Key words: Schistosomiasis; Schistosoma mansoni; Control; Community Participation
O presente estudo, realizado no Estado de Alagoas, mais uma vez demonstrou o papel relevante dos focos peridomiciliares ou de vizinhança na transmissão da esquistossomose. Embora se trate de uma área urbana, compacta e densamente povoada (Bairro Frio, município de União dos Palmares), a distribuição tanto da prevalência como dos indivíduos com contagem de ovos elevada nas fezes obedeceu a nítido padrão espacial, altamente correlacionado com a distribuição de valetas de drenagem e outras pequenas coleções de água. Embora a maioria dos habitantes tenha acesso a água potável e, não obstante a ausência de coleções de água de algum vulto, capazes de manter a transmissão, a intensidade das contagens de ovos superou quaisquer dados anteriormente obtidos em outras áreas. Ainda assim, a morbidade mostrou-se inexpressiva, tendência já observada na última década em outras regiões hiperendêmicas. Os autores estão convencidos que o controle da transmissão requer esforços na sentido de melhorar as condições ambientais e que semelhante proposta é inteiramente viável, podendo ser concretizada com o emprego de recursos bastante modestos e contando com a participação da comunidade.
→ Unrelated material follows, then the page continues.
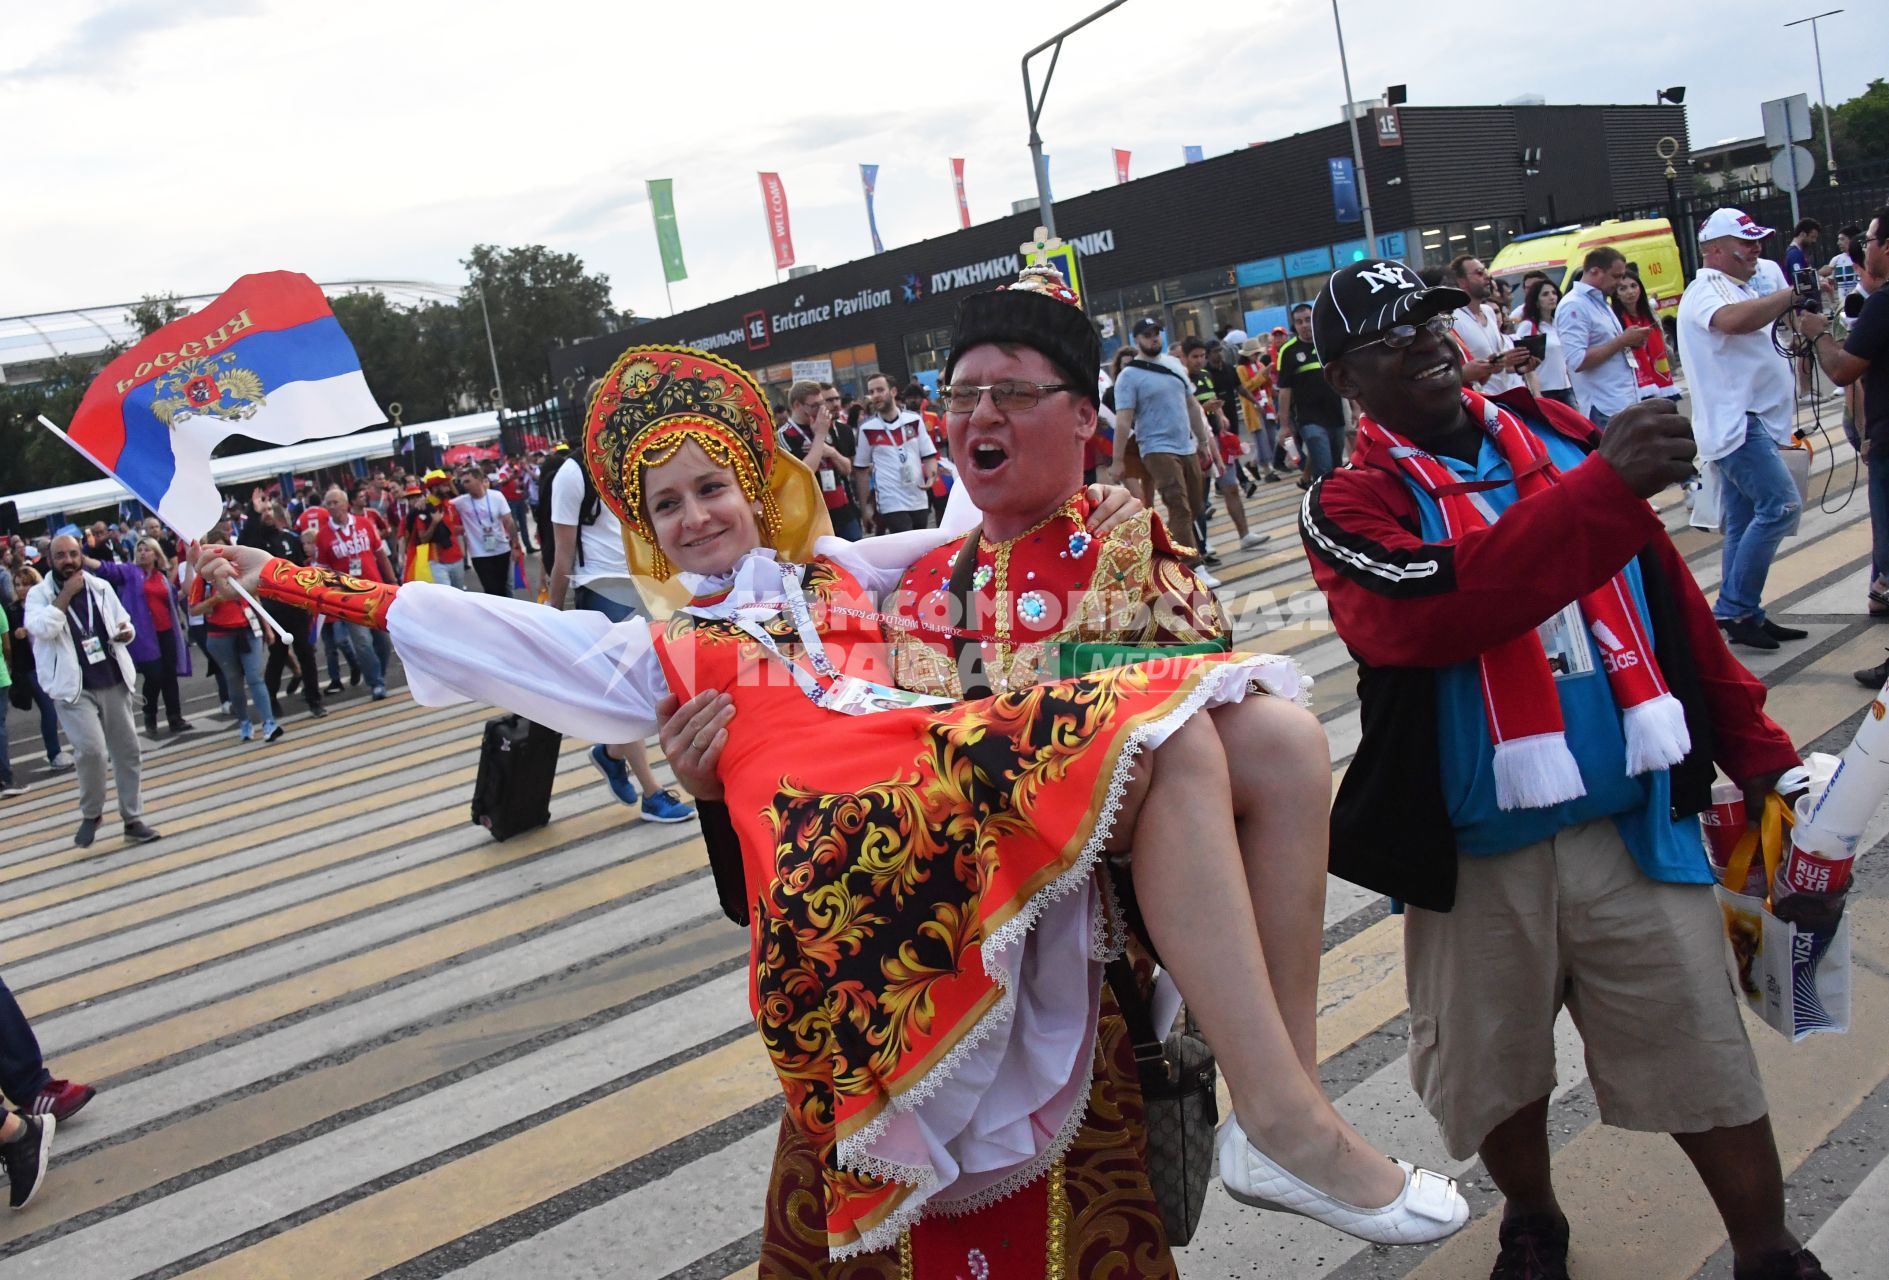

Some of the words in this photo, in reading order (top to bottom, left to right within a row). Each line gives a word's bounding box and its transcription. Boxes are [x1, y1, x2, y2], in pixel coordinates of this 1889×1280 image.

Palavras-Chave: Esquistossomose; Schistosoma mansoni; Controle; Participação da Comunidade
A striking spatial clustering of households with high egg counts and severe morbidity due to Schistosoma mansoni was demonstrated many years ago (Kloetzel, 1958; 1962) in an area of Northeastern Brazil, a finding which later led to a proposal of "selective chemotherapy" (Kloetzel, 1967) as a practical tool for the control of morbidity. Of late, when more generous funding allowed amplification of the project, it was demonstrated that the effects of chemotherapy did not last more than a short time, reinfection closely following (Kloetzel & Vergetti, 1988).
In addition, the patterns of reinfection are found to be similar for the children of the same household, reproducing a spatial pattern almost identical to the clusters seen on primary infection (Kloetzel & Schuster, 1987; Kloetzel & Vergetti, 1988; Kloetzel et al., 1990). By plotting these findings on the map, detection of the responsible peridomiciliary focus can easily be achieved (Kloetzel & Vergetti, 1988).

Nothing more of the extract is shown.